We recommend the use of Linux and of one or more CUDA compatible GPUs. We provide both a Conda environment and a Dockerfile to configure the required libraries.

Conda

The environment can be installed and activated with:

conda env create -f env.yml

conda activate video-generation

Docker

Use the Dockerfile to build the docker image:

docker build -t video-generation:1.0 .

Run the docker image mounting the root directory to /video-generation in the docker container:

docker run -it --gpus all --ipc=host -v /path/to/directory/video-generation:/video-generation video-generation:1.0 /bin/bash

Preparing Datasets

BAIR

Coming soon

Atari Breakout

Download the breakout_160_ours.tar.gz archive from Google Drive and extract it under the data folder.

Tennis

The Tennis dataset is automatically acquired from Youtube by running

./get_tennis_dataset.sh

This requires an installation of youtube-dl (Download).

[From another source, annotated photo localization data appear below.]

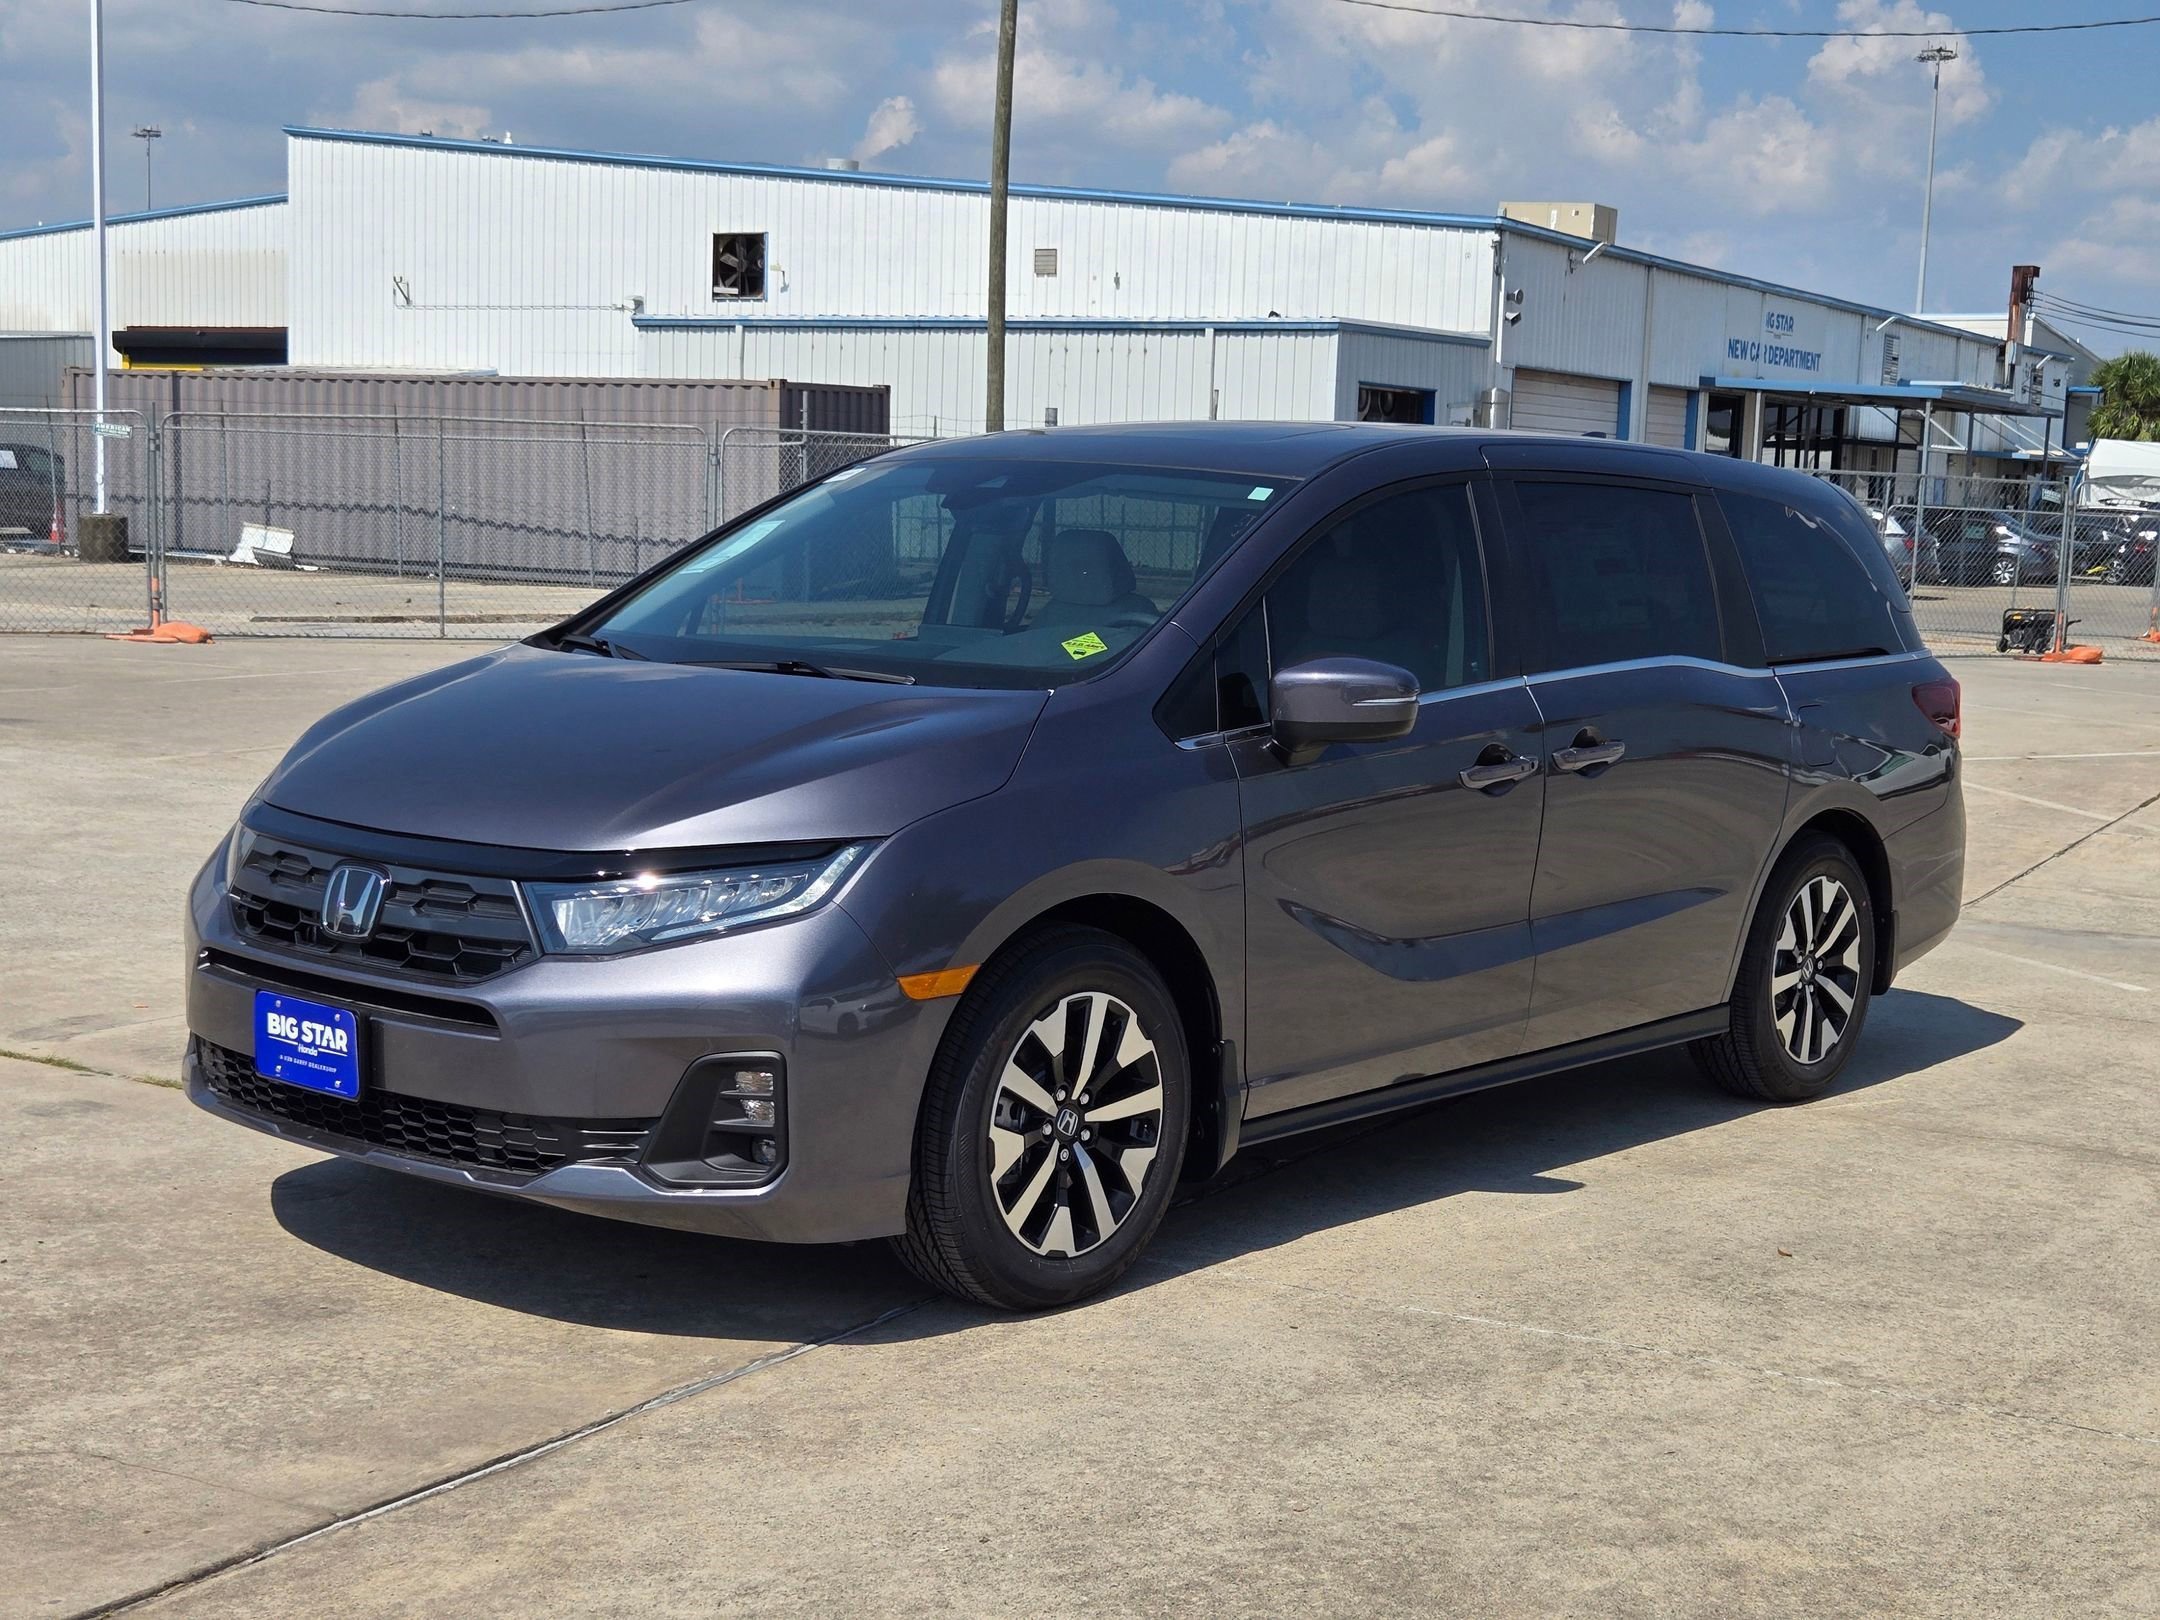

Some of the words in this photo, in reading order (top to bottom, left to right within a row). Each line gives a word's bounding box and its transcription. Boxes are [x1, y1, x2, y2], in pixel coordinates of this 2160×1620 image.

[1776, 313, 1794, 332] STAR
[1727, 338, 1749, 361] NEW
[1768, 345, 1822, 373] DEPARTMENT
[267, 1012, 299, 1040] BIG
[301, 1020, 348, 1053] STAR
[298, 1044, 318, 1057] Honda
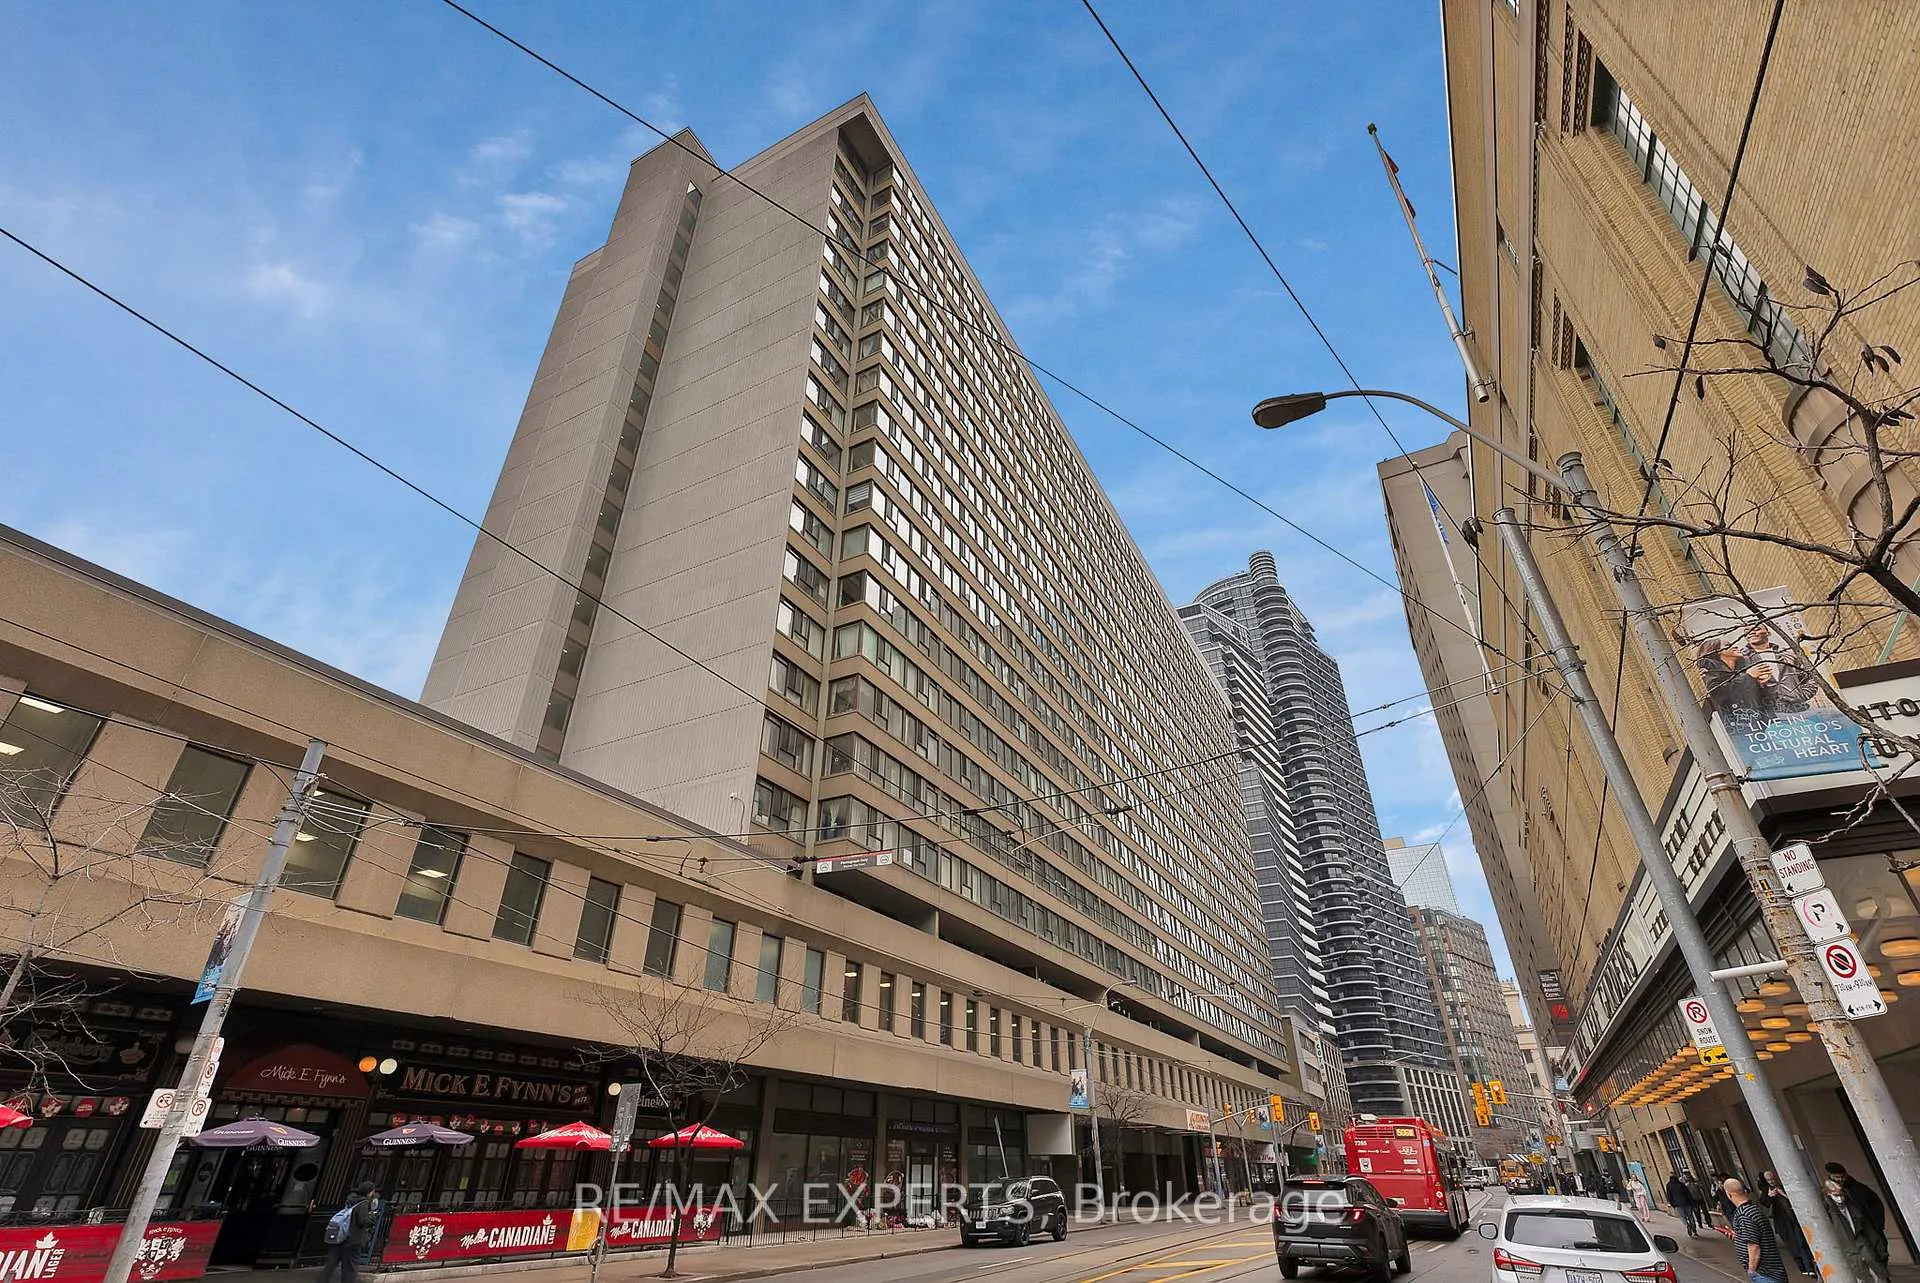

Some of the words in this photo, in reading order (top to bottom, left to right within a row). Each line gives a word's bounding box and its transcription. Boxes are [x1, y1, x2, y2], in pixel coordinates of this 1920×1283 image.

[1744, 720, 1842, 743] TORONTO'S
[1748, 717, 1783, 732] LIVE
[1786, 714, 1806, 726] IN
[1748, 733, 1835, 754] CULTURAL
[1794, 742, 1850, 759] HEART
[1783, 849, 1797, 862] NO
[1778, 859, 1815, 879] STANDING
[260, 1064, 297, 1081] Mick
[299, 1068, 312, 1081] E
[314, 1069, 348, 1089] Fynn's
[402, 1066, 472, 1096] MICK
[472, 1073, 491, 1097] E
[493, 1076, 572, 1104] FYNN'S
[277, 1138, 307, 1146] GUINNESS
[383, 1136, 417, 1146] GUINNESS
[460, 1228, 489, 1250] Molson
[488, 1225, 550, 1249] CANADIAN
[0, 1249, 50, 1280] IAN
[43, 1248, 65, 1279] LAGER

Please run youtube-dl -U to update the utility to the latest version. The dataset will be created at data/tennis_v4_256_ours.

Custom Datasets

Custom datasets can be created from a user-provided folder containing plain videos. Acquired video frames are sampled at the specified resolution and framerate. ffmpeg is used for the extraction and supports multiple input formats. By default only mp4 files are acquired.

python -m dataset.acquisition.convert_video_directory --video_directory --output_directory --target_size [--fps --video_extension --processes ]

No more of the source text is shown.